Net 으로 접속주소와 아이디를 적어 보내주세요.

Will Human Rights Survive a Trumpian World?

Authoritarian Advances Threaten Rules-Based Order

The global human rights system is in peril. Under relentless pressure from US President Donald Trump, and persistently undermined by China and Russia, the rules-based international order is being crushed, threatening to take with it the architecture human rights defenders have come to rely on to advance norms and protect freedoms. To defy this trend, governments that still value human rights, alongside social movements, civil society, and international institutions, need to form a strategic alliance to push back.

To be fair, the downward spiral predated Trump’s reelection. The democratic wave that began over 50 years ago has given way to what scholars term a “democratic recession.” Democracy is now back to 1985 levels according to some metrics, with 72 percent of the world’s population now living under autocracy. Russia and China are less free today than 20 years ago. And so is the United States.

Of course, democracy is not a panacea for human rights violations; the US and other longtime democracies have their own histories of colonial crimes, racism, abusive justice systems, and wartime atrocities. More recently, authoritarian leaders have exploited public mistrust and anger to win elections and then dismantled the very institutions that brought them to power. Democratic institutions are crucial to represent the will of the people and keep power in check. It’s no surprise that whenever democracy is undermined, rights are too, as evident in recent years in India, Türkiye, the Philippines, El Salvador, and Hungary.

The Momentum Movement’s parliamentary representative David Bedo and independent member of parliament Akos Hadhazy protest against a law that bans Pride marches in Hungary and imposes fines on organizers and attendees of such events, Budapest, June 14, 2026.
University students confront riot police in Istanbul’s Beşiktaş district following the arrest of Istanbul Mayor Ekrem İmamoğlu, June 14, 2026.

FIRST: The Momentum Movement’s parliamentary representative David Bedo and independent member of parliament Akos Hadhazy protest against a law that bans Pride marches in Hungary and imposes fines on organizers and attendees of such events, Budapest, June 14, 2026. © 2025 Marton Monus/Reuters; SECOND: University students confront riot police in Istanbul’s Beşiktaş district following the arrest of Istanbul Mayor Ekrem İmamoğlu, June 14, 2026. © 2025 Ozan Köse/AFP via Getty Images

In this context, 2025 may be seen as a tipping point. In just 12 months, the Trump administration has carried out a broad assault on key pillars of US democracy and the global rules-based order, which the US, despite inconsistencies, was, with other states, instrumental in helping to establish.

In short order, Trump’s second-term administration has undermined trust in the sanctity of elections, reduced government accountability, gutted food assistance and healthcare subsidies, attacked judicial independence, defied court orders, rolled back women’s rights, obstructed access to abortion care, undermined remedies for racial harm, terminated programs mandating accessibility for people with disabilities, punished free speech, stripped protections from trans and intersex people, eroded privacy, and used government power to intimidate political opponents, the media, law firms, universities, civil society, and even comedians.

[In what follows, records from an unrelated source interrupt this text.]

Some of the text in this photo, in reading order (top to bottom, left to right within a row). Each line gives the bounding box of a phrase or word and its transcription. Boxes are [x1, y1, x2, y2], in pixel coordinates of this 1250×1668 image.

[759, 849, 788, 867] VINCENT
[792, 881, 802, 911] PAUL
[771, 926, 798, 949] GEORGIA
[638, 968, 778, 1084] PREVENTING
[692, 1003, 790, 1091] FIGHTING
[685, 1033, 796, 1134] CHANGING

A volunteer at a food distribution event outside of Brooklyn Borough Hall in New York City, June 14, 2026.
A volunteer at a food distribution event outside of Brooklyn Borough Hall in New York City, June 14, 2026. © 2025 Angela Weiss/AFP via Getty Images

Claiming a risk of “civilizational erasure” in Europe and leaning on racist tropes to cast entire populations as unwelcome in the US, the Trump administration has embraced policies and rhetoric that align with white nationalist ideology. Immigrants and asylum seekers have been subjected to inhumane conditions and degrading treatment; 32 died in US Immigration and Customs Enforcement custody in 2025, and as of mid-January 2026, an additional 4 have died. Masked immigration enforcement agents have targeted people of color, using excessive force, terrorizing communities, wrongfully arresting scores of citizens, and, most recently, unjustifiably killing two people in Minneapolis, whose deaths Human Rights Watch has documented.

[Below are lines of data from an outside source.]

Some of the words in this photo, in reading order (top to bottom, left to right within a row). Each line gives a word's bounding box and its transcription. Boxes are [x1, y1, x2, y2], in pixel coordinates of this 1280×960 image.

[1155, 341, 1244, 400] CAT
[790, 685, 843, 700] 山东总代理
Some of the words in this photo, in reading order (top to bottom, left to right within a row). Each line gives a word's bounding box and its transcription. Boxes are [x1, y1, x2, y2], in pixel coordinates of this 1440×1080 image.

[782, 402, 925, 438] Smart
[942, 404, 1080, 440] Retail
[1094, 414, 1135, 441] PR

A pregnant asylum seeker comforts her 2-year-old inside the motel room where she and her children are living after her husband was deported to Nicaragua, in Miami, Florida, June 14, 2026.
A pregnant asylum seeker comforts her 2-year-old inside the motel room where she and her children are living after her husband was deported to Nicaragua, in Miami, Florida, June 14, 2026. © 2025 Rebecca Blackwell/AP Photo

The US president of course has the authority to tighten US borders and enforce stricter immigration policies. The administration is not, however, entitled to deny legal process to asylum seekers, mistreat undocumented migrants, or unlawfully discriminate. In a well-functioning democracy, no electoral mandate should supersede domestic legislation, constitutional protections, or international human rights law. Trump’s team has repeatedly bypassed these guardrails.

The violations have not stopped at the border. The Trump administration used a 1798 law to send hundreds of Venezuelan migrants to an infamous prison in El Salvador, where they were tortured and sexually abused. Its blatantly unlawful strikes on boats in the Caribbean and the Pacific extrajudicially killed more than 120 people whom Trump claims were drug traffickers.

After the US attacked Venezuela and apprehended its president, Nicolás Maduro, and his wife, Cilia Flores, Trump claimed the US would “run” the country and control its vast oil reserves. Despite paying lip service to human rights concerns under Maduro at the United Nations, Trump has worked with the same repressive apparatus to further US interests. Many Western allies have chosen to stay silent about these lawless moves, perhaps fearing erratic tariffs and blowback to their alliances.

Trump’s foreign policy has upended the foundations of the rules-based order that seeks to advance democracy and human rights, even if imperfectly.

US Speaker of the House Mike Johnson talks to reporters after a closed door briefing with Secretary of State Marco Rubio and Secretary of Defense Pete Hegseth on US military strikes on suspected Venezuelan drug boats, Washington, DC, June 14, 2026.
US Speaker of the House Mike Johnson talks to reporters after a closed door briefing with Secretary of State Marco Rubio and Secretary of Defense Pete Hegseth on US military strikes on suspected Venezuelan drug boats, Washington, DC, June 14, 2026. © 2025 Samuel Corum/Sipa USA via AP Photo

Trump has boasted that he doesn’t “need international law” as a constraint, only his “own morality.” His administration has politicized the US State Department’s annual human rights report, stepped away from the global prohibition on antipersonnel landmines, voiced support for rewriting international rules on asylum, and skipped the UN’s Universal Periodic Review of the US’ human rights record.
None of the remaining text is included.